On Twitter, Luka Misetic, the lawyer who successfully represented Gotovina, has succinctly referred to ‘Carla Del Ponte’s dark legacy: Perisic, Haradinaj, Oric, Gotovina, Cermak, Markac, Boskoski, Halilovic all indicted by CDP, all acquitted.’ The failure at the ICTY is that of a Prosecution that has repeatedly failed to secure the convictions of those it has indicted, not of the judges who were unconvinced by its cases.
The Sunday before last, Britain’s leading liberal Sunday paper, The Observer, published an article by professional troll (‘columnist’) Julie Burchill, consisting of anti-transsexual hate-speech (‘a bunch of dicks in chick’s [sic] clothing’; ‘a gaggle of transsexuals telling Suzanne Moore how to write looks a lot like how I’d imagine the Black & White Minstrels telling Usain Bolt how to run would look’; ‘But they’d rather argue over semantics.
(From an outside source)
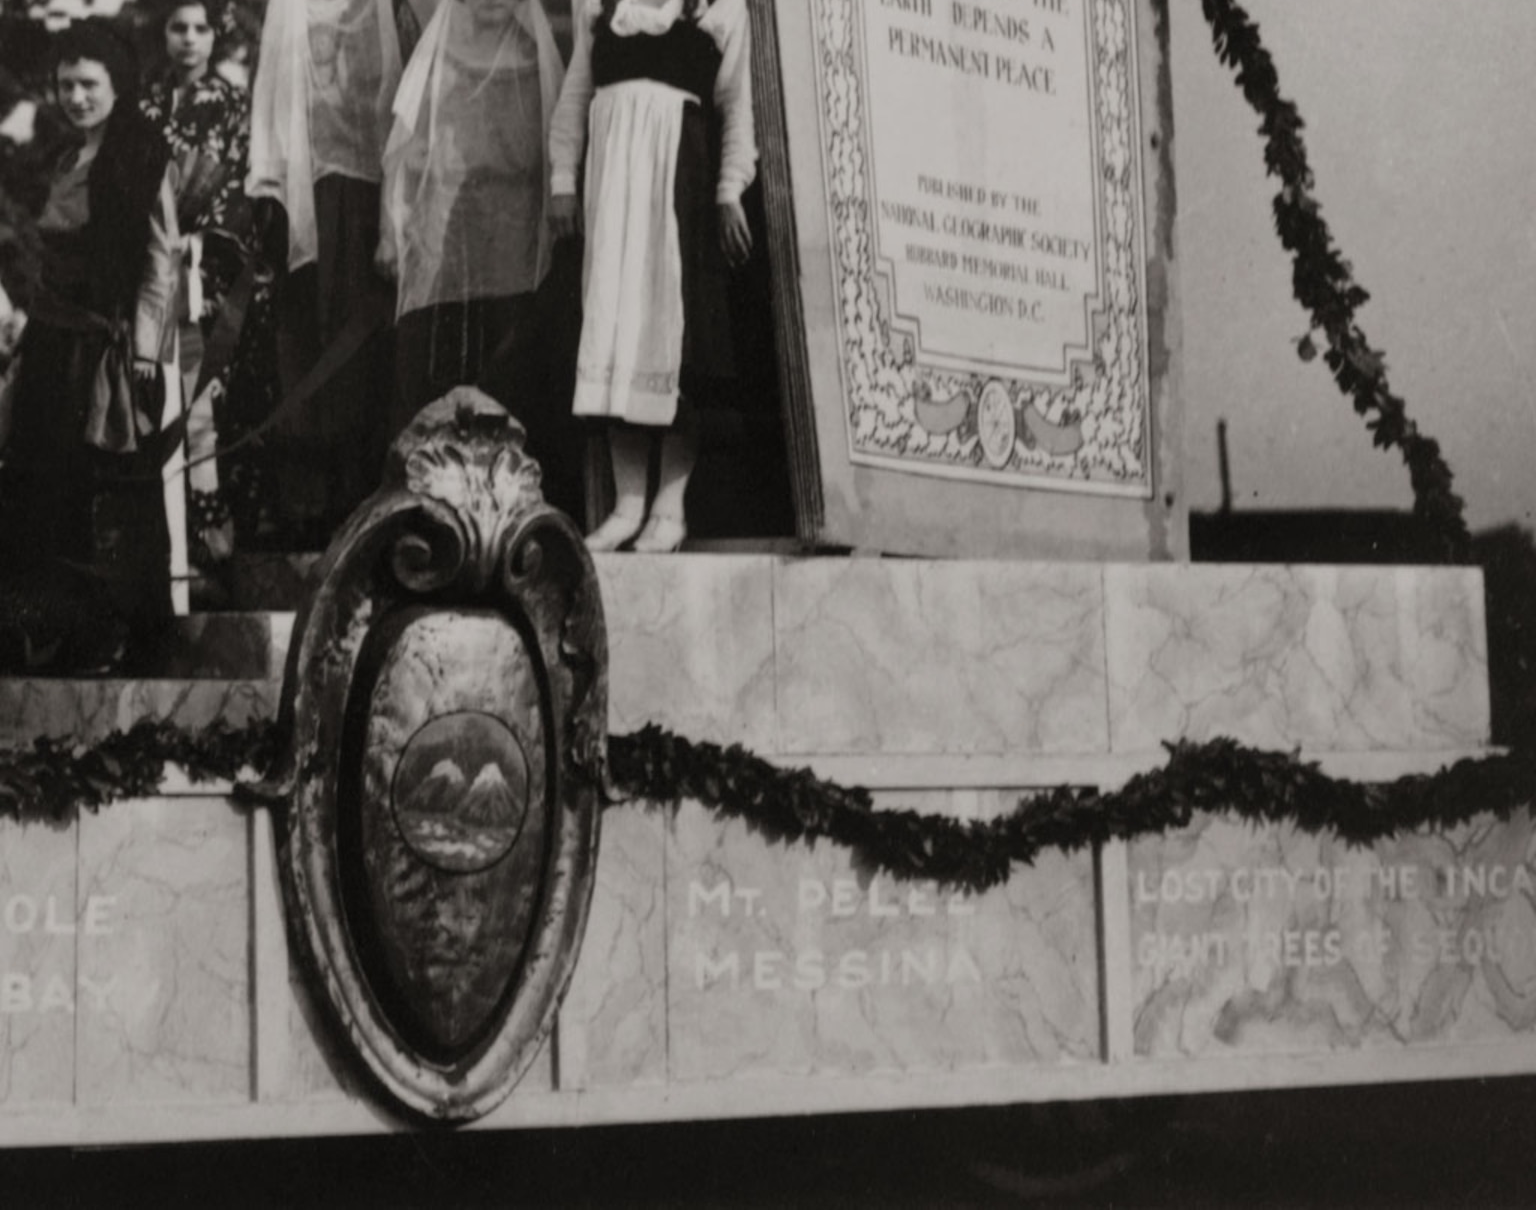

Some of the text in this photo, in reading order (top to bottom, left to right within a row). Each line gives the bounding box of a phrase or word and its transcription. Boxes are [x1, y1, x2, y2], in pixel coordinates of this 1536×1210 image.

To be fair, after having one’s nuts taken off (see what I did there?) by endless decades in academia, it’s all most of them are fit to do.’; ‘a bunch of bed-wetters in bad wigs’; ‘Shims, shemales, whatever you’re calling yourselves these days – don’t threaten or bully we lowly natural-born women, I warn you.’; etc.)
A barrage of complaints ensued from readers, not all of them trans. Lynne Featherstone, a Liberal Democrat member of the British government, tweeted that Burchill should be sacked. The Observer removed the article from its website, with the editor, John Mulholland, apologising for ‘the hurt and offence caused’. Burchill’s ‘censored’ article was then republished by Toby Young, a columnist for the conservative Daily Telegraph. The readers’ editor of The Observer then published a fuller statement, which again stressed the ‘offence’ caused by the article. A counter-barrage then ensued from right-wing and libertarian elements in the commentariat, who claimed that the removal of Burchill’s article from The Observer‘s website proved that Britain is a totalitarian state on the model of the Soviet Union, with its very own Thought Police to persecute the Politically Incorrect.
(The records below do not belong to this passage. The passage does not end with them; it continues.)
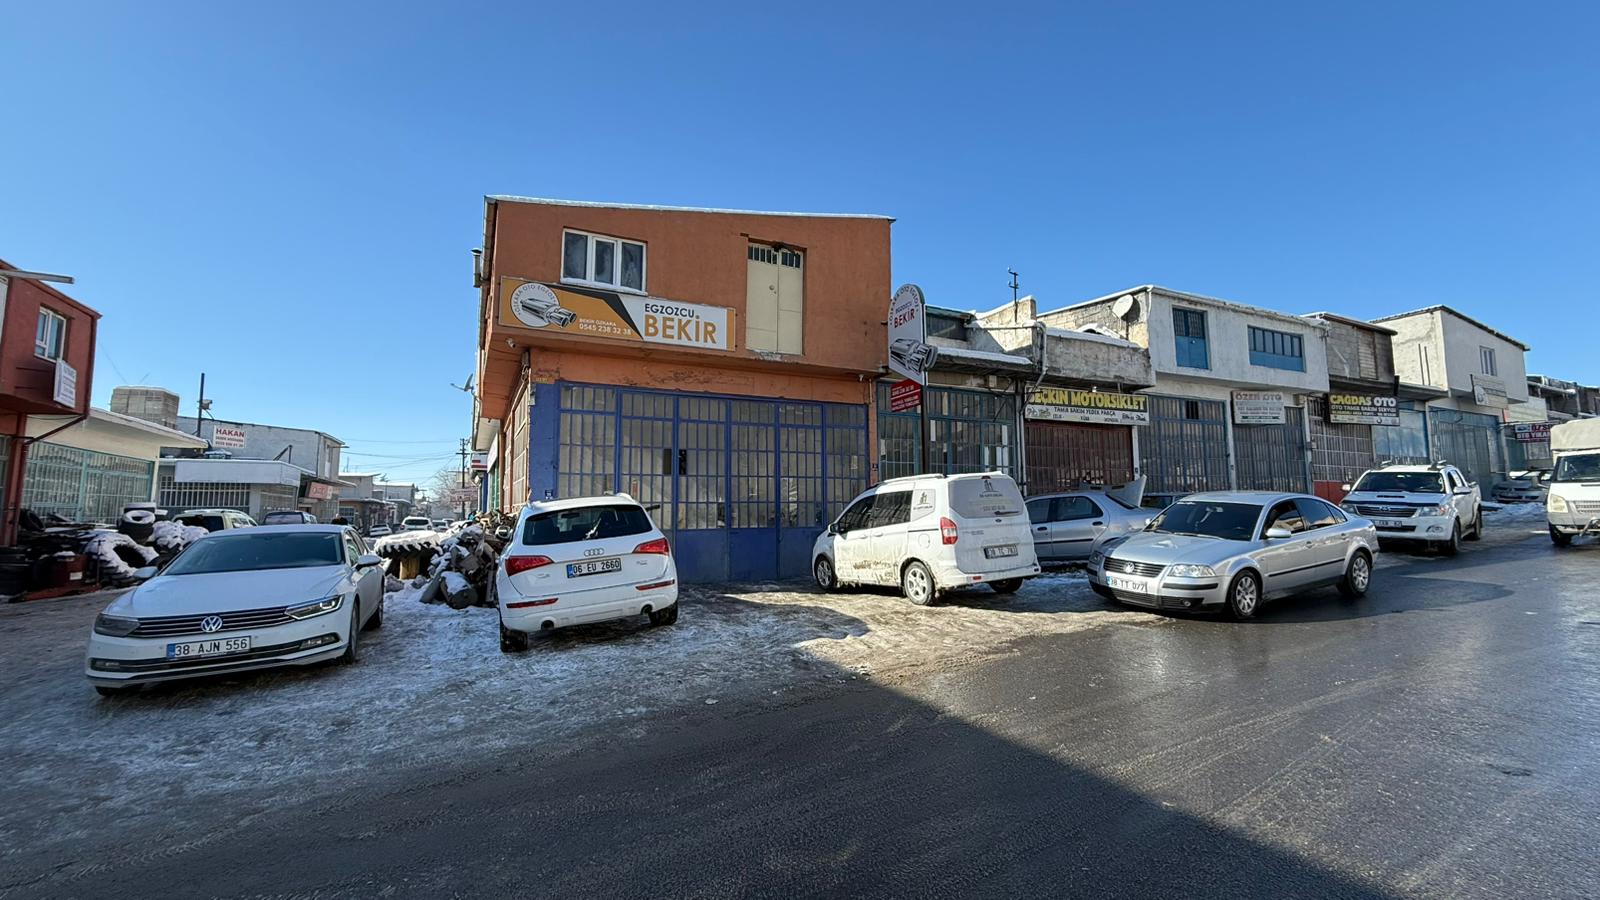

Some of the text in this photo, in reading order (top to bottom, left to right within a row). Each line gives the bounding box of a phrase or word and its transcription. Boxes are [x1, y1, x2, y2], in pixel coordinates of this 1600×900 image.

[644, 303, 695, 318] EGZOZCU
[579, 323, 597, 331] 0545
[598, 325, 611, 333] 238
[644, 314, 717, 344] BEKİR
[1373, 396, 1397, 407] OTO
[216, 428, 244, 437] HAKAN
[573, 560, 620, 574] 06 EU 2660
[176, 638, 248, 656] 38 AJN 556
Vile, bigoted and hateful as Burchill’s article was, it was actually the least shocking element in this whole sorry story, which reveals the full extent of the moral degeneration of the British chattering classes. Much more shocking was the fact that one of our leading liberal newspapers would publish hate-speech directed against a vulnerable and widely persecuted minority. Not only did The Observer commission Burchill to write the piece in the full knowledge of what she was likely to say, it allegedly encouraged her to make the article more extreme and offensive than she might otherwise have done, in order to provoke a greater storm and increase its own viewing figures.
Perhaps still more shocking was the fact that many supposed liberals who should know better, seemed to be less concerned that The Observer had done this, than that the article was removed, since this was supposedly a grave violation of ‘freedom of speech’; moreover, of the ‘right to offend’. The real villain of the piece, some of them felt, was Featherstone, on the grounds that a government minister calling for a columnist to be sacked was a step towards Britain becoming North Korea.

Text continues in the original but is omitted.